The miner now expects to generate a total of $6.7 billion in revenue over the life of the contract, starting in the first half of 2026.
The shares of bitcoin miner Core Scientific (CORZ) surged as much as 17% on Tuesday, outperforming other crypto-linked stocks, after the company signed an extension of its earlier high-performance computing (HPC) contract with CoreWeave.
The miner said in a statement that it has exercised its option from a previous contract to host about 112 megawatt (MW) of additional GPUs for “AI Hyperscaler” firm CoreWeave. The new contract is expected to add about $2 billion of additional revenue, bringing the total to $6.7 billion, starting in the first half of 2026. CoreWeave will be bearing the cost for all capital investments needed to get Core Scientific’s existing mining infrastructure ready for HPC, the statement added.
“We have now contracted with CoreWeave for a total of 382 megawatts of HPC infrastructure, reflecting the strong demand for high-power data center infrastructure and the unique ability of our team to deliver it,” said Adam Sullivan, Core Scientific’s CEO.
Previously, the miner said it will provide hosting infrastructure for 200MW worth of GPUs for CoreWeave, with options to add further capacity. Subsequently, the two companies expanded the deal by 70MW more, making this new deal a third extension.
The original deal brought the limelight back into the mining industry, which was hurt by the brutal crypto winter and a low profit margin due to recent halving.
The HPC and artificial intelligence (AI) companies require energy intensive data centers, sites and infrastructure which are expensive and time consuming to secure.
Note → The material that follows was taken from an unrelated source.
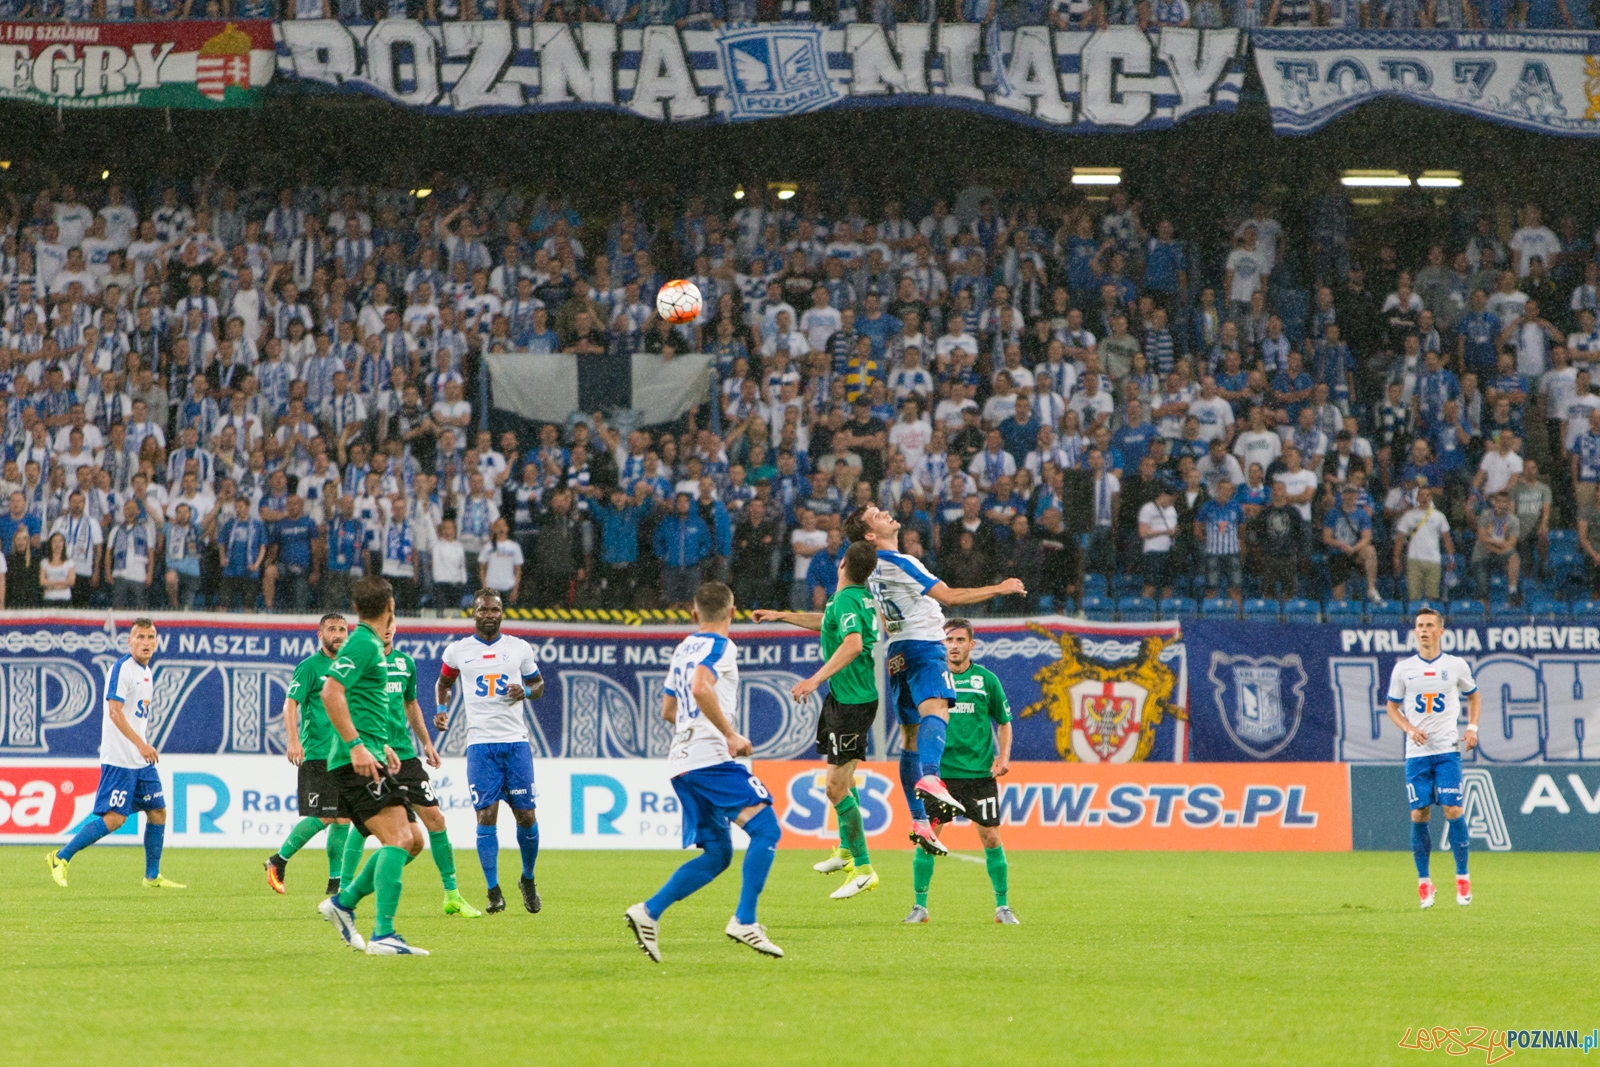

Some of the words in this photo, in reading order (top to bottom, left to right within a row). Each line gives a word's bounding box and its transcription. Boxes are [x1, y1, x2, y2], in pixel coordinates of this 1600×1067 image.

Bitcoin miners on the other hand, already have power contracts and infrastructure that are ready to support such needs, making them the easier candidates to host the HPC and AI-related machines than building from scratch or use legacy data centers.
Taking advantage of this market opportunity, Core Scientific said it has options for another extension of the contract to host 118MW worth of additional machines for HPC computing.
“The latest contract also validates that our strategy for developing application-specific data centers aligns with the increasing energy density requirements for high-performance computing that legacy data centers do not typically satisfy,” said Sullivan.